For many of us watching behind the comforts of a screen, the answer seems obvious: put up the excess in areas where food is needed most, addressing both oversupply and deficiency.
But for Julius Barcelona of agribusiness firm Harbest, what we’re seeing are mere snapshots of a much bigger picture. “The way it’s usually displayed on social media can be a bit disingenuous,” he explains. “Obviously people are playing it for pity. People are trying to help sell the surplus. The intention is good, but there’s so much more to unpack in the issue.”
There is a term for an agricultural country whose agricultural sector is suffering, and irony seems to be the operative word for how farming here is being run.

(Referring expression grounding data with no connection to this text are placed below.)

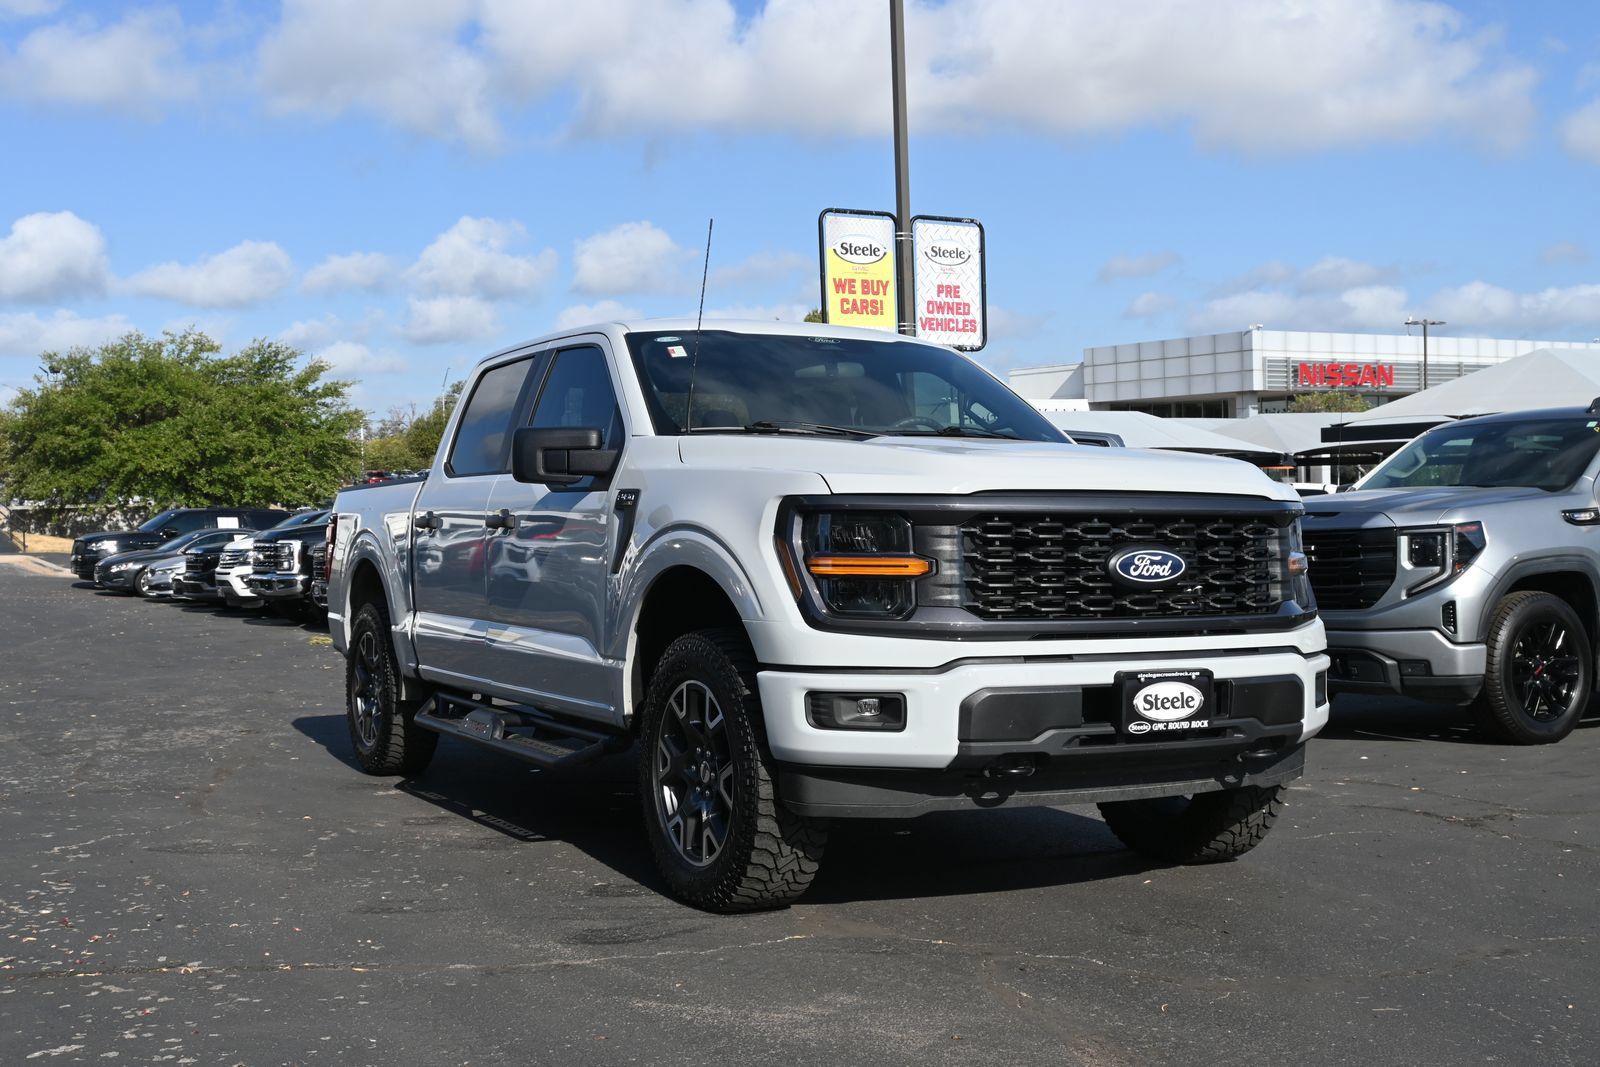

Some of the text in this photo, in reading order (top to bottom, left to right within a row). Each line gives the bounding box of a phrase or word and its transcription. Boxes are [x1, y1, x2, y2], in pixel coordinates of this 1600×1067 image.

[840, 242, 880, 257] Steele
[931, 246, 965, 259] Steele
[833, 278, 890, 296] WE BUY
[937, 284, 961, 299] PRE
[840, 297, 885, 315] CARS!
[926, 301, 971, 316] OWNED
[920, 317, 977, 333] VEHICLES
[1299, 362, 1394, 386] NISSAN
[1130, 554, 1173, 577] Ford
[1142, 691, 1195, 711] Steele
[1152, 722, 1167, 731] GMC
[1168, 721, 1190, 730] ROUND
[1191, 720, 1208, 729] ROCK

Barcelona would be the first to admit that efforts are being made to improve local agriculture. The Departments of Agriculture, Agrarian Reform, as well as Trade and Industry and Science and Technology have sub-agencies dedicated to solving its problems.
But intention doesn’t equate to solutions. “What they do is they give away seeds and fertilizers. It’s not a bad thing,” he says. “But the way people view agriculture is as welfare, as a charity.”

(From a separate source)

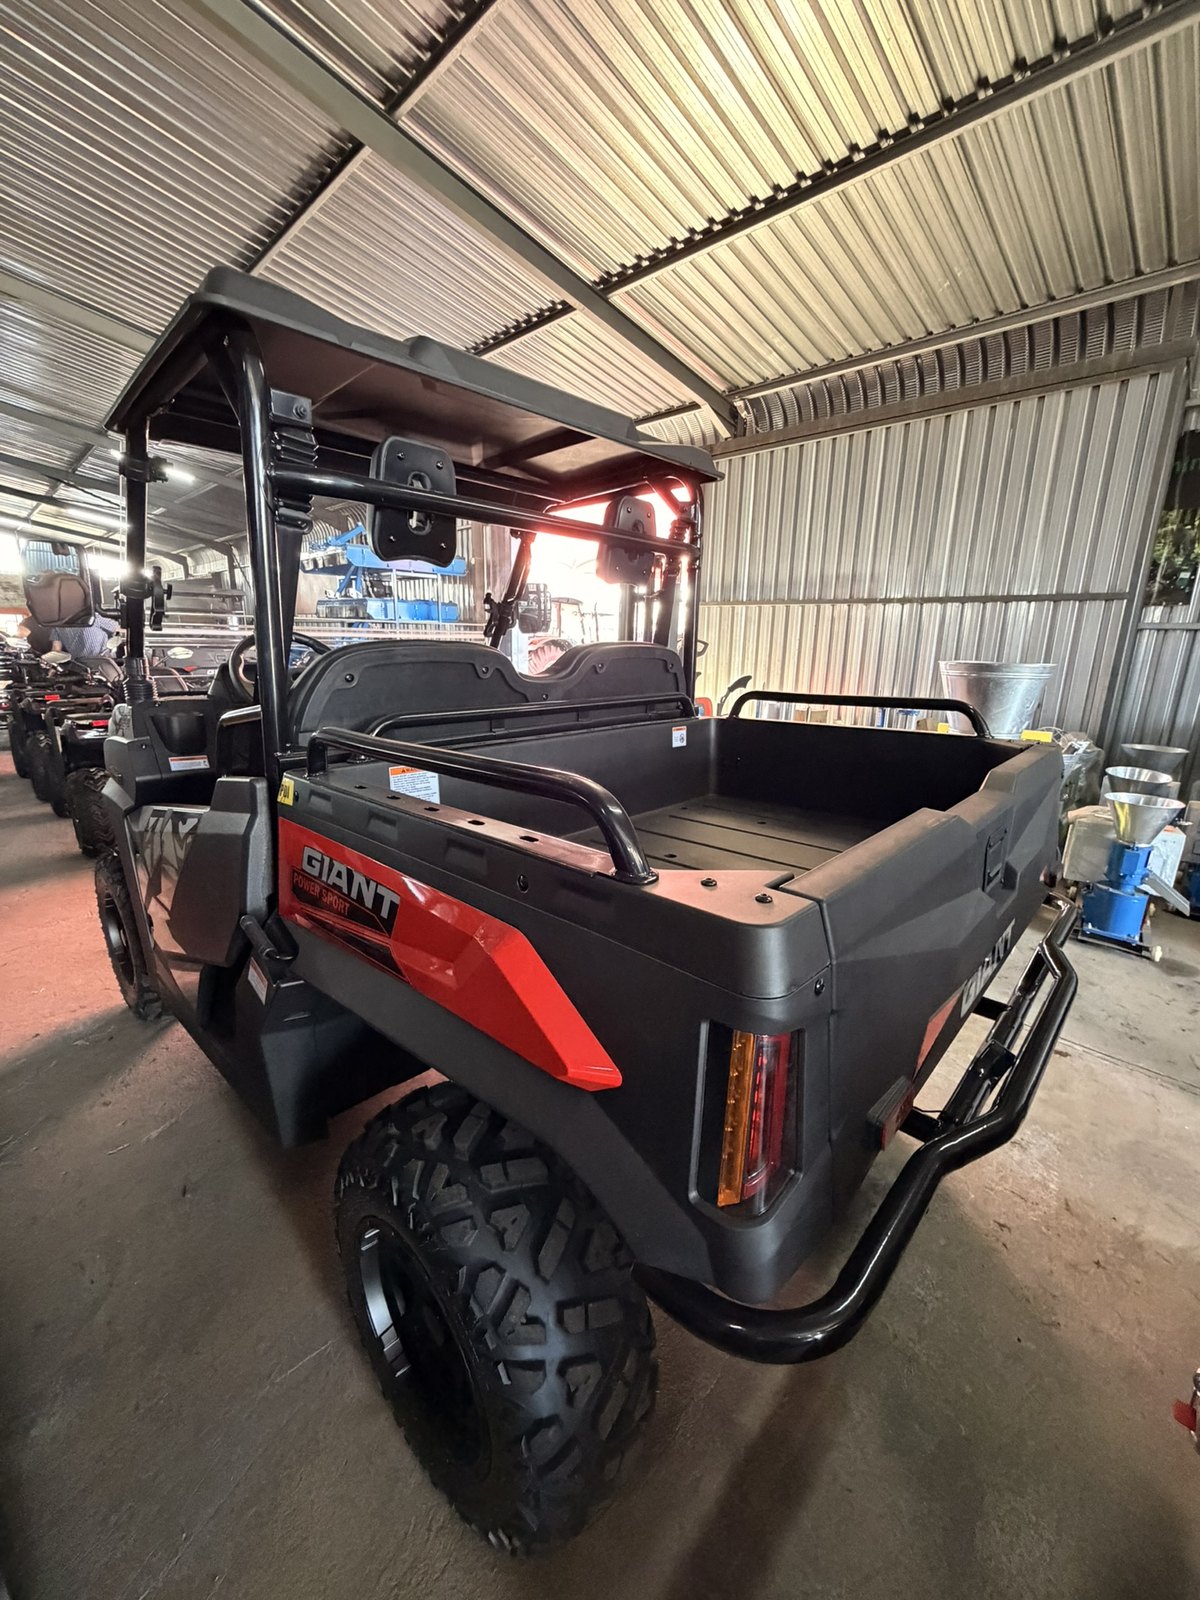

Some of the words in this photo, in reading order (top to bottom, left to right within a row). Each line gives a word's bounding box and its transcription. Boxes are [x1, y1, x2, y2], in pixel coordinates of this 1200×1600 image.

[293, 871, 320, 898] POWER
[321, 888, 350, 915] SPORT
[302, 846, 400, 919] GIANT

“Let’s say these farmers are given seeds and they grow them,” he continues. “That’s you and 5,000 other farmers in your area given the same types of seeds and the same types of fertilizers. By harvest time, they have no flexibility to adjust to the demands of a changing market.”
The problem, according to Barcelona, is that the farmers were never given a choice. “’Am I going to choose between this person giving me free stuff right now that I can plant which might not work but maybe I’ll have something to eat at the end of it, versus I have nothing and I have
no money and I cannot buy what I need to grow for the next season?’ It’s an impossible
choice,” he adds.
In other countries, welfare creates a jumping-off point for people to climb out of a bad situation. In the Philippines, without a long-term, practical scheme, it’s become a deepening hole that’s getting harder to climb out of.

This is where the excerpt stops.